Libre Un film de Michel Toesca
Invité des cinémas Diagonal à Montpellier, le réalisateur Michel Toesca évoque son dernier film Libre sorti le 26 septembre. Il a filmé l’agriculteur Cédric Herrou et tous ceux qui accueillent les migrants dans la vallée de la Roya.
En juin 2015, la France rétablit le contrôle aux frontières. « J’habite dans cette vallée, je voyais des migrants régulièrement. J’ai pris ma caméra, le scénario s’est écrit au jour le jour. » Durant trois années, Michel Toesca filme l’ordinaire, ce qui se passe près de chez lui, les migrants en transit et l’action des citoyens face à l’urgence de la situation. Il a conscience qu’une page de l’histoire de l’immigration est en train de s’écrire à cette petite échelle.

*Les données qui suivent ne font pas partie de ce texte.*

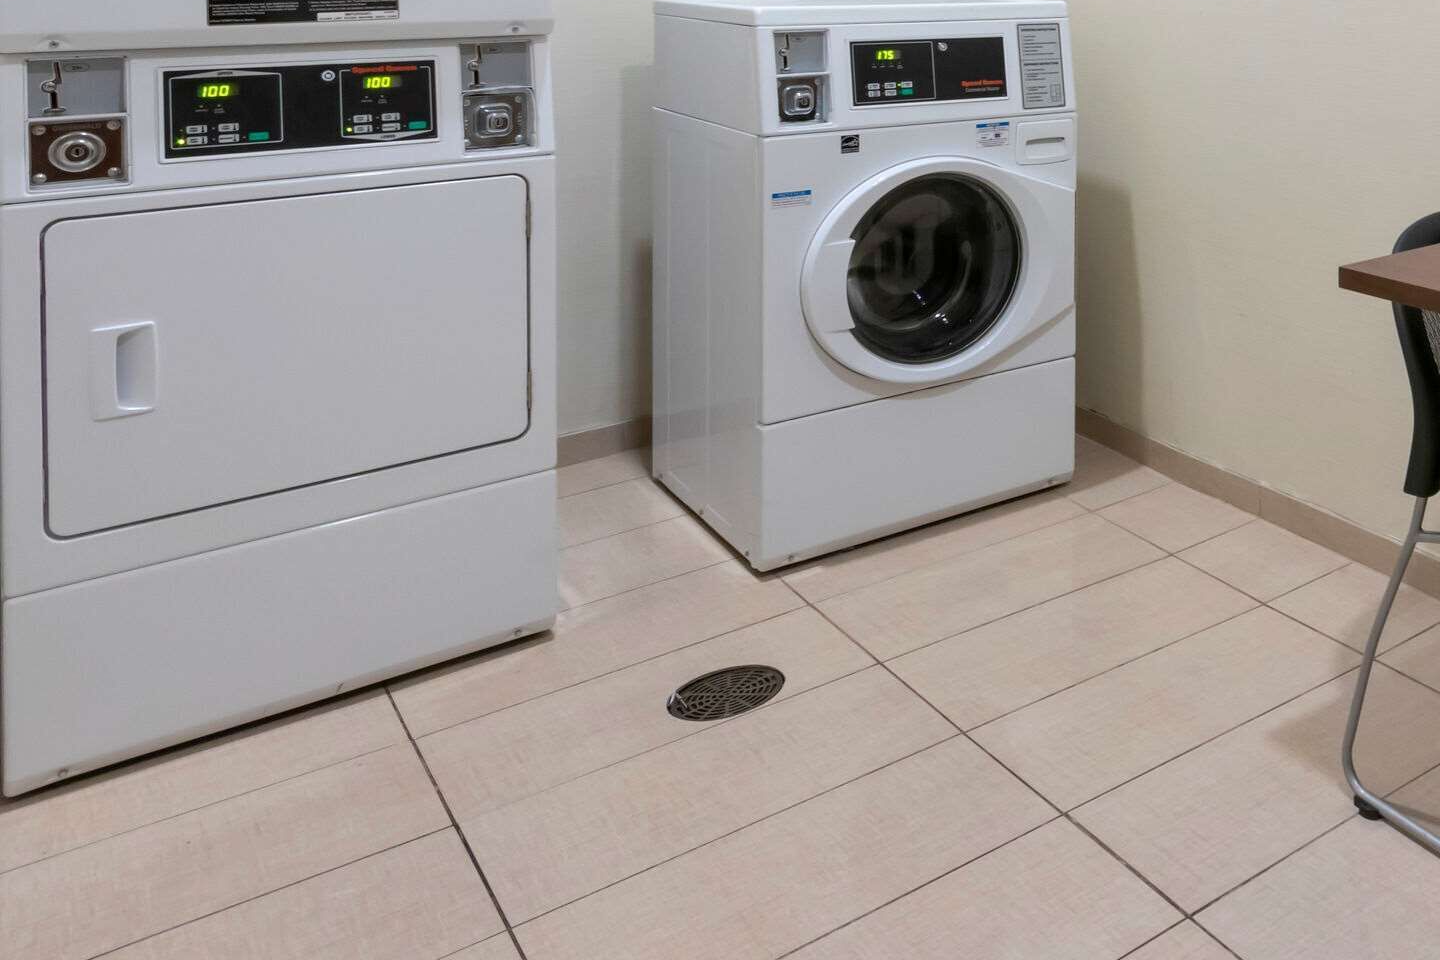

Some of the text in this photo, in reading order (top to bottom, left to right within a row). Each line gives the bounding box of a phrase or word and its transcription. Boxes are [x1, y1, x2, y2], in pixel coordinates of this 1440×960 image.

[877, 50, 895, 60] 175
[366, 76, 391, 89] 100
[202, 85, 230, 97] 100

« Cédric et moi, on se connait. Il a vu que je filmais. À l’époque je tournais surtout en Italie. Les migrants étaient cantonnés à Vintimille, où je me rendais souvent. Personne ne savait vraiment ce qui était légal ou illégal. Chacun agissait comme il pouvait. Cédric m’a dit qu’il hébergeait des exilés chez lui. J’ai commencé à le suivre ». Les heures de rushes vont ainsi trouver leur unité de lieu dans la vallée de la Roya. Le film débute avec un plan qui s’élève au-dessus de la vallée. « Je voulais qu’on entende l’esprit de la Roya et en même temps montrer cette vallée qui rend dérisoire toute notion de frontières ». Ce qui se joue à cet endroit c’est l’exil, le passage périlleux de familles en provenance de l’Afrique subsaharienne, mais aussi la dynamique du voyage et l’entraide solidaire d’une partie de la population. Michel Toesca réalise que les situations humaines, politiques, et sociales qu’il observe sont les mêmes partout dans le monde. De la même façon, si le film focalise sur la personnalité de Cédric Herrou, nombre de femmes et d’hommes agissent comme lui dans le monde entier. À l’image de cette infirmière que l’on voit soigner les migrants dans la clandestinité, sans rien dire de cet engagement dans le cadre de son activité professionnelle.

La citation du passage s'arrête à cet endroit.